Но ее семьей стали Мастеры, хотя она этого не сказала, а просто заявила, что все равно пойдет к Мастерам. Шон нехотя взялся ее проводить. Подбираться к Грамерси-парку пришлось осторожно, и когда они достигли Ирвинг-плейс, стало ясно, что там состоялись столкновения. Все было усыпано битым стеклом и мусором. Шон слышал, что на Двадцать первой улице, находившейся с северной стороны площади, построили баррикаду. Когда они зашли с запада, дорогу им преградил патруль, но не мятежников, а жителей Грамерси-парка, вооруженных револьверами и мушкетами. Эти люди не знали Шона, но один узнал Мэри. Он настоял, чтобы она простилась с братом на пропускном пункте, лично довел ее до двери Мастеров и разбудил их. Шон подождал, пока не убедился, что она в безопасности.

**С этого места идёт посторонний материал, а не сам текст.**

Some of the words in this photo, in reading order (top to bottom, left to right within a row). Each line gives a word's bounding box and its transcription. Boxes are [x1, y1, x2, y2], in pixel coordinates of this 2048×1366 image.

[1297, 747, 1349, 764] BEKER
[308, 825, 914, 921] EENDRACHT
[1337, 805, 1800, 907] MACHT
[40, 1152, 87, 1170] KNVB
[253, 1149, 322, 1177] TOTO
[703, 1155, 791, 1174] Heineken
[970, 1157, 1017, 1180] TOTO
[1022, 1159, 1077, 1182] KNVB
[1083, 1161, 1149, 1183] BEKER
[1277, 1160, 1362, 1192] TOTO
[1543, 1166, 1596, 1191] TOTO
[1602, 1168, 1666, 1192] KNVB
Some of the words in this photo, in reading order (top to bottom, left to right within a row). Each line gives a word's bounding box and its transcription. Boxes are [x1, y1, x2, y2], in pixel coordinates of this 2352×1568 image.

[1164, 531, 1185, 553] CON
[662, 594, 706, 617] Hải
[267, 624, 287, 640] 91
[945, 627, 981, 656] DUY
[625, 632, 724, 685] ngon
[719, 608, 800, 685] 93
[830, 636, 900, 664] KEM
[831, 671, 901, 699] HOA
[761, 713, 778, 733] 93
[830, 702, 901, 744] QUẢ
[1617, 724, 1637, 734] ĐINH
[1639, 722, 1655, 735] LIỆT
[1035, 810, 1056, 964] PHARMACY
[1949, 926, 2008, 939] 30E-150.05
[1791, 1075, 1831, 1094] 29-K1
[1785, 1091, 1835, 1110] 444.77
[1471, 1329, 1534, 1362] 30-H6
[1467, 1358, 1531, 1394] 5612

Из спальни сразу вышла сама миссис Мастер. Она отвела Мэри в кухню и заставила выпить горячего шоколада.
– Теперь шагом марш в постель, Мэри, – скомандовала она. – О приключениях расскажешь утром.
Но утром Мэри не рассказала о приключениях. Было ли дело в жаре, пережитом потрясении или в чем-то другом, ночью у нее началась лихорадка. К утру ее трясло, она горела. Миссис Мастер лично ухаживала за ней, заставляла пить и клала на лоб холодные компрессы.
– Не разговаривай, Мэри, – сказала она, когда та попыталась поблагодарить. – Мы только рады, что ты благополучно вернулась.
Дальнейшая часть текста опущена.